John Hovanesian 2019

John A. Hovanesian

1. What’s most important is the patient in front of you. Having a positive, personal relationship with each patient drives goodwill. Making eye contact, complimenting an article of clothing or jewelry, joking around a bit in a respectful way and speaking in the same natural, friendly tone you would use with a good friend are the best ways I know to generate that goodwill. It has to be genuine. Goodwill most often does not lead to a positive review, but it does bring forgiveness for other imperfections in your practice that might lead to a bad one. It also leads to personal referrals of friends, which is the best source of new patients. Goodwill, of course, begins with your phone staff, your technicians and every member of the practice your patient encounters before and after you. It definitely helps to remind happy patients that you appreciate their reviews, and software like MDbackline can help you automate this request.

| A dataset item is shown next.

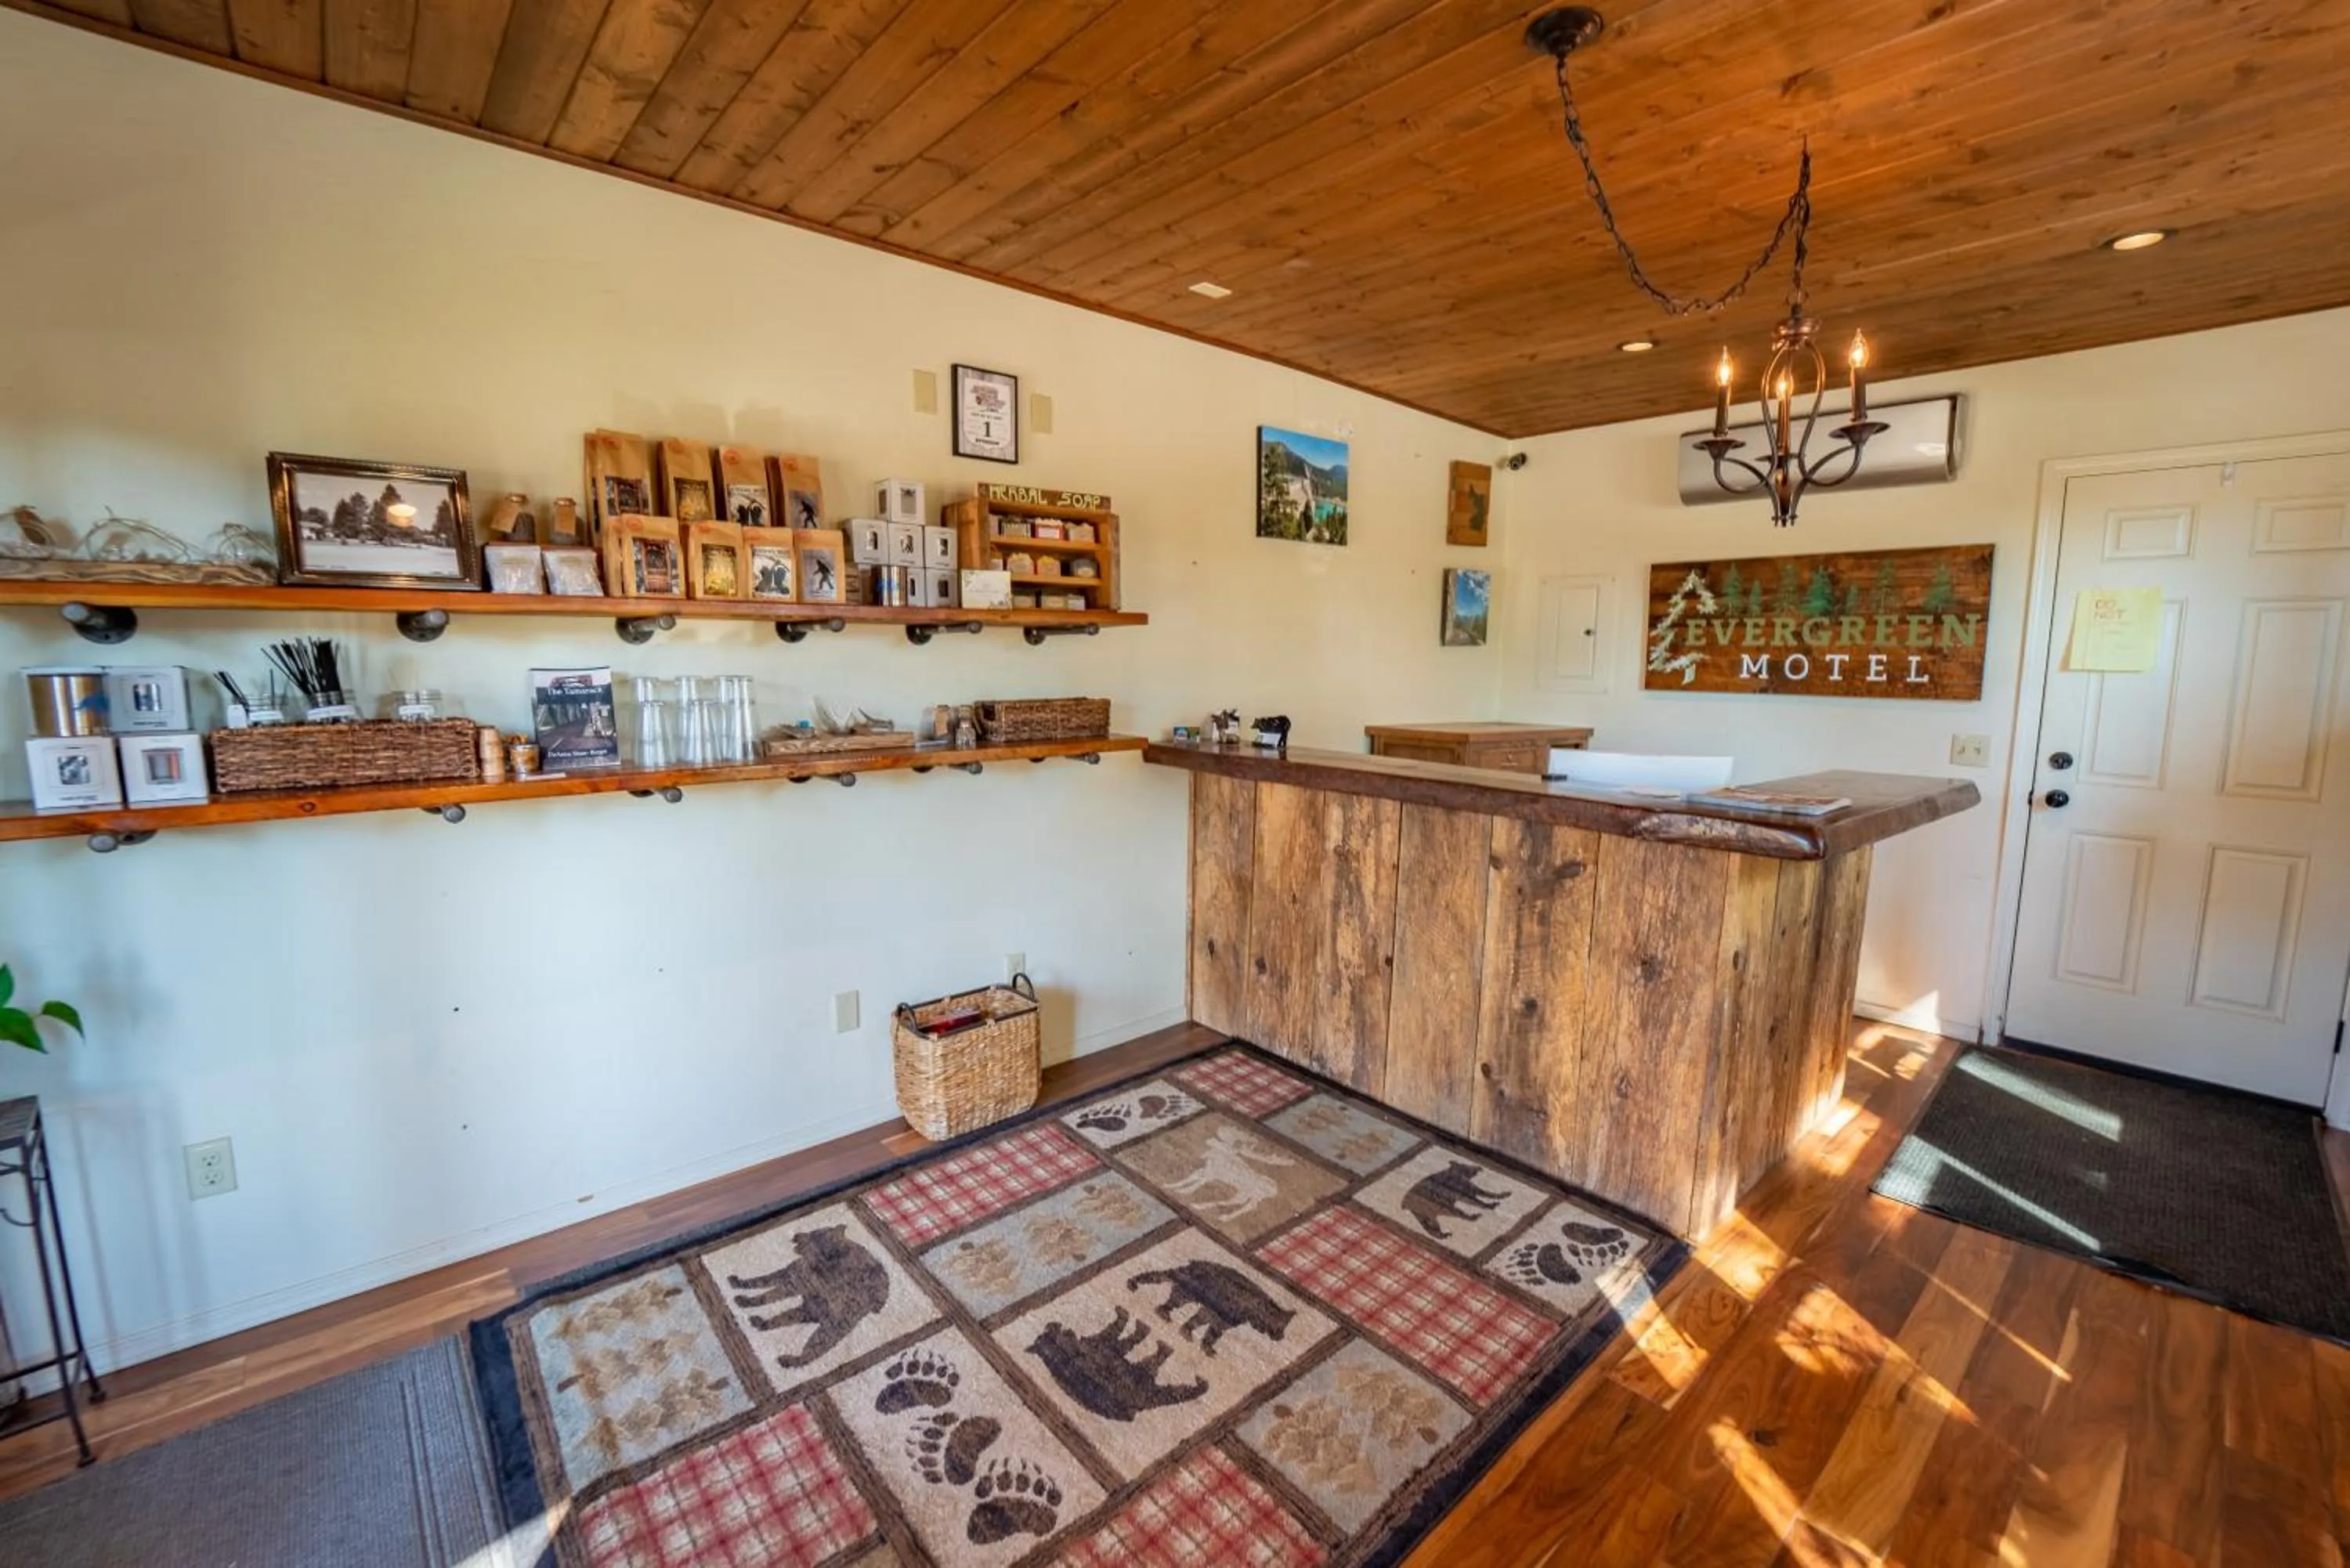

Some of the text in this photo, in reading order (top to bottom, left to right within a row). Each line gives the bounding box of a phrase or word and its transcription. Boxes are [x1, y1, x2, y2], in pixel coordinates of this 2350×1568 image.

2. Run toward bad reviews. We all get them at some point. It may be an insurance issue, an unavoidable complication or something you said that was grossly misinterpreted, but with all the patients we see, there will at times be dissatisfied ones. We use Google Business and Yelp notifications to alert us whenever a negative review is posted about us. Often, it’s possible to identify the patient from their online identity, and more than once I have reached out to the patient myself. I tell the patient the truth: that we learned about the online review and felt very bad that they had such a poor experience. I try to dig in to address the patient’s perceived problem and bring it to resolution. Later, if I feel we have taken appropriate action, I ask them to consider revising their online review if they feel differently now. For the patient, human nature is to be fair to someone who has shown genuine compassion, even if the doctor couldn’t entirely fix the problem. Many of them either delete their bad review or make it much more positive. Unhappy patients who post reviews want most to be heard.

3. Don’t stress about it too much. While new patients are the lifeblood of any practice, those who find you strictly through online sources don’t have a relationship with you through a friend or family referral. They are more likely to be “shoppers,” more prone to question your charges and less inclined to value the intangibles that make your practice special. Some of my colleagues in high-quality practices say they never pay attention to social media. That seems like a missed opportunity. Instead, I think we should feel about online reviews the way we do a photograph that someone takes of us while we aren’t paying attention: sometimes it’s flattering, and sometimes it’s cringeworthy. Either way, we should control what we can and proudly do our best to please others.